Jika ingin mencari suri tauladan yang sangat tekun
dalam mencari ilmu, dan begitu istiqamah dalam meraihnya, sekaligus sebagai
bukti sejarah dalam menjadikan dirinya akademisi murni di beberapa abad yang
lalu, maka figurnya adalah Imam Jalaluddin As-Suyuthi. Seorang ulama yang lahir
pada tahun 1445 M / 849 H. Semua sepak terjang dalam kehidupannya hanya untuk
ilmu dan ilmu. Ia tidak pernah tergiur untuk melibatkan dirinya pada bisnis,
politik dan kegaduhan aliran-aliran.
Nama lengkapnya adalah Jalaluddin Abul Fadl
Abdurrahman bin Al-Kamal Abi Bakar bin Muhammad bin Sabiquddin bin Utsman bin
Muhammad bin Khadir bin Ayyub bin Muhammad bin Syekh Himamuddin al-Hadiri As-Suyuthi
Asy-Syafi’i. Ia dilahirkan pada permulaan bulan Rajab di bagian timur kota Mesir,
tepatnya di kota Hudairiyah. (Syekh Jalaluddin As-Suyuthi, Muqaddimah Nuzulur
Rahmah fit Tahaddust bin Nikmah, [Maktabah Darul Wafa’, Mamlakah Arabiyah,
1987], halaman 10).
Nama
As-Suyuthi bukanlah nama asing di kalangan akademisi mulai dari beberapa abad
setelah kelahirannya sampai saat ini, bahkan sampai hari kiamat yang akan
datang, namanya tidak akan pernah hilang. Hanya saja, ulama terkemuka dan
tersohor di antara ulama-ulama klasik ini, juga memiliki cerita yang tidak
kalah heroik, dramatis, dan sangat histeris. Kisah kegigihannya dalam mencari
ilmu merupakan sejarah kepahitan dan penuh kesedihan.
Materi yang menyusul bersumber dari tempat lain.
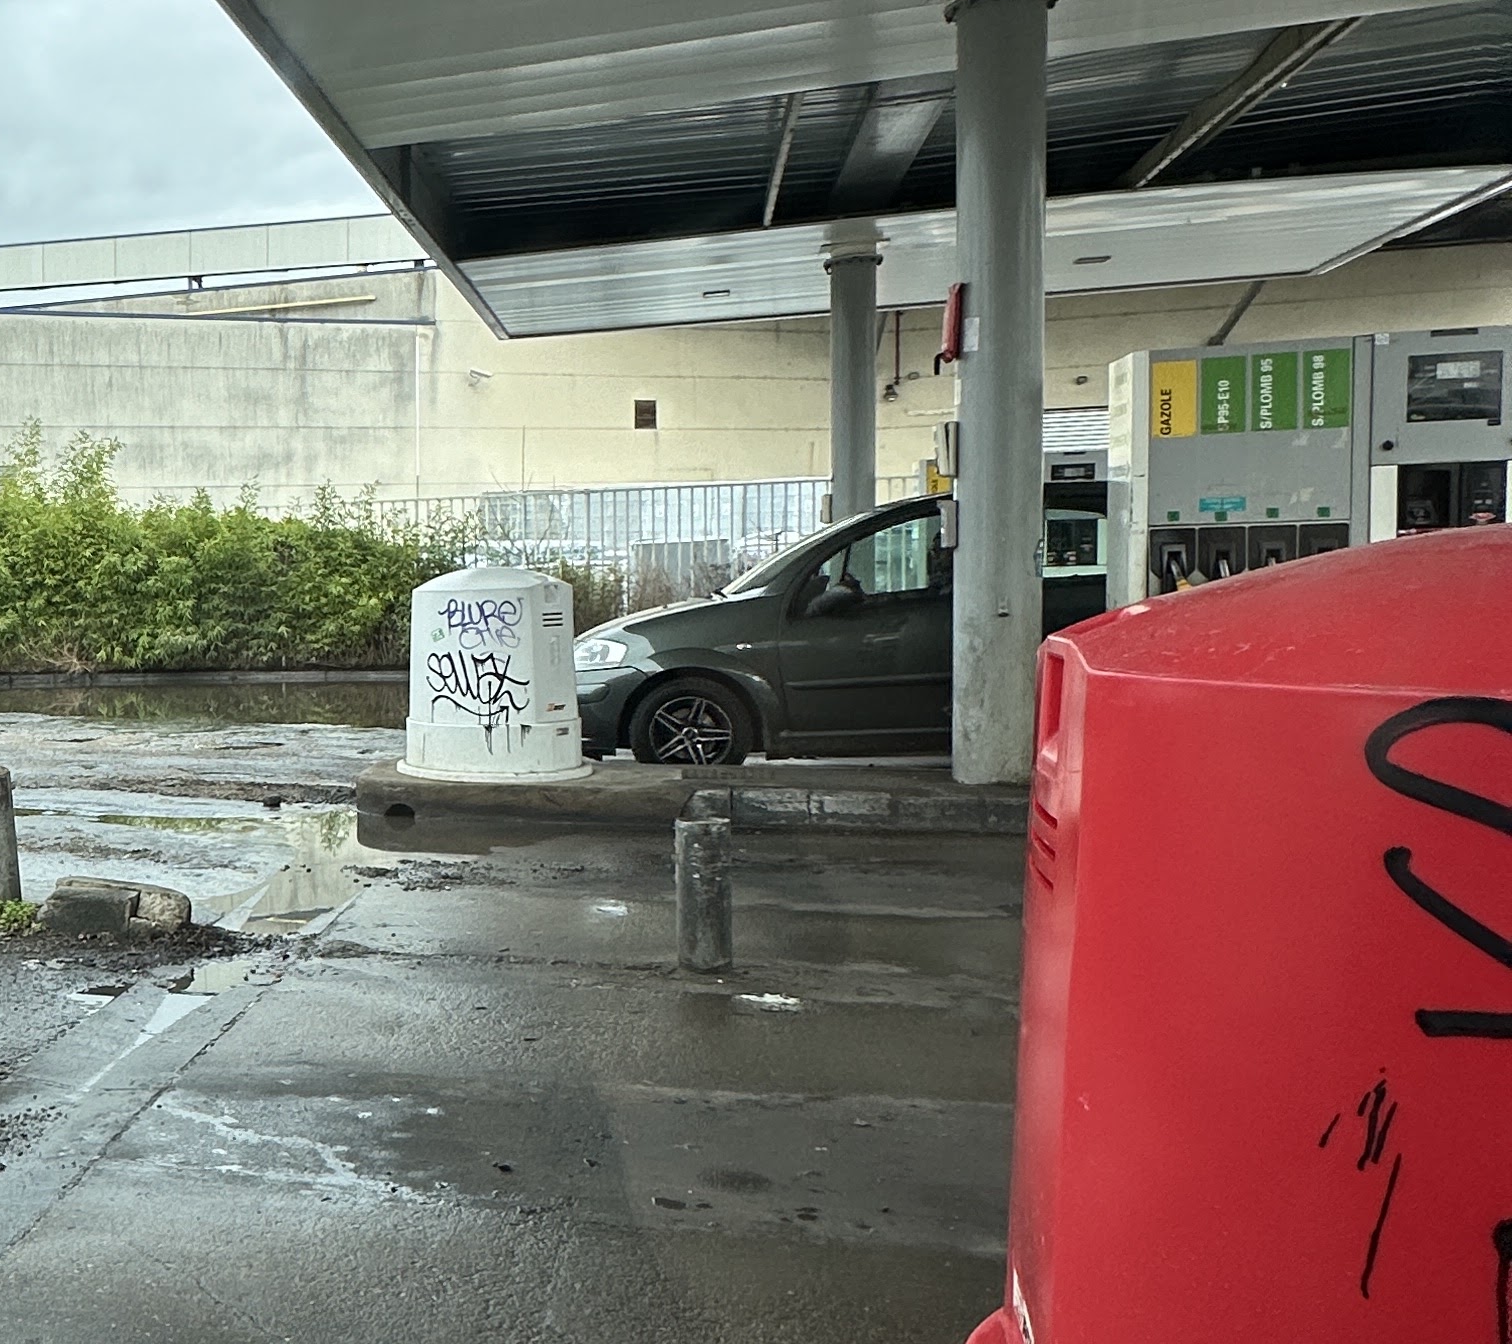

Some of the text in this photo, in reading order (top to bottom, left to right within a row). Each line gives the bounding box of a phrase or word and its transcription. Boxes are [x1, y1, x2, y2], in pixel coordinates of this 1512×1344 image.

Di balik kontribusinya yang sangat
besar pada berkembangnya ilmu-ilmu Islam, ternyata sosok
seperti Imam As-Suyuthi tumbuh dewasa sebagai seorang anak yatim. Ia harus rela
dan ikhlas ditinggalkan ayahnya ketika menginjak usianya yang kelima tahun
lebih tujuh bulan. As-Suyuthi
kecil hidup berdua dengan ibundanya. Sejak saat itu, kehidupan As-Suyuthi
dengan ibunya sangat sederhana dan serba pas pasan.
Sejak saat itu, bocah yang masih sangat
kecil itu harus bisa menuntun dirinya sebagai anak yang mandiri. Tidak selalu
berpangku tangan kepada ibunya dan keluarganya yang lain. Dengan penuh
kesederhanaan, hari-harinya ia nikmati dengan kehidupan yang jauh dari kata
cukup. Bahkan, tak sesekali As-Suyuthi tidak makan disebabkan tidak adanya
makanan.
Meski
demikian, Imam As-Suyuthi tetap mempunyai semangat belajar yang tinggi dan
keinginan yang menggelora dalam jiwanya. Ia belajar dengan tekun dan istiqamah,
berbagai ilmu ia lahap satu persatu. Tidak adanya senyuman manis dan suport
semangat dari sang ayah tidak membuatnya patah semangat. Sejak masih kecil, ia
selalu belajar tentang ilmu. Kegigihan dan keseriusannya dalam menuntut ilmu
sangat luar biasa. Masa mudanya dihabiskan untuk mendalami berbagai cabang
ilmu, seperti fiqih, hadist, tafsir, dan lainnya. Semua ini bisa dilihat dari
buah karyanya yang sangat banyak. Bahkan, menurut Syekh Ibrahim Asy-Syaibani,
kitab-kitab karangan Imam Suyuthi mencapat 980, mulai dari kitab-kitab kecil
yang hanya memuat penjelasan secara ringkas dan padat, sampai kitab-kitab yang
sampai berjilid-jilid.
Pada
mulanya, Imam As-Suyuthi belajar ilmu pada Syekh Syamsu As-Sairami dan di
antara kitab yang dibacanya adalah Alfiyah Ibnu Malik, karya
monumentalnya Imam Ibnu Malik. As-Suyuthi juga mempelajari beberapa
cabang-cabang ilmu yang lain, di antaranya, yaitu kitab Sahih Muslim,
Manhajuth Thalibin, karangan Imam Nawawi, dan kitab Manhaj karangan
Imam Al-Baidhowi. Pembelajaran itu ia mulai tepatnya pada permulaan bulan
Rabiul Awal tahun 864. Tidak hanya itu, As-Suyuthi sukses menjadi tahfidz (orang
yang menghafal Al-Qur’an) pada umurnya yang masih sangat relative muda,
tepatnya pada umur 8 tahun. (As-Suyuthi, Muqaddimah
Nuzulur Rahmah fit Tahaddust bin Nikmah, 1987, halaman 10).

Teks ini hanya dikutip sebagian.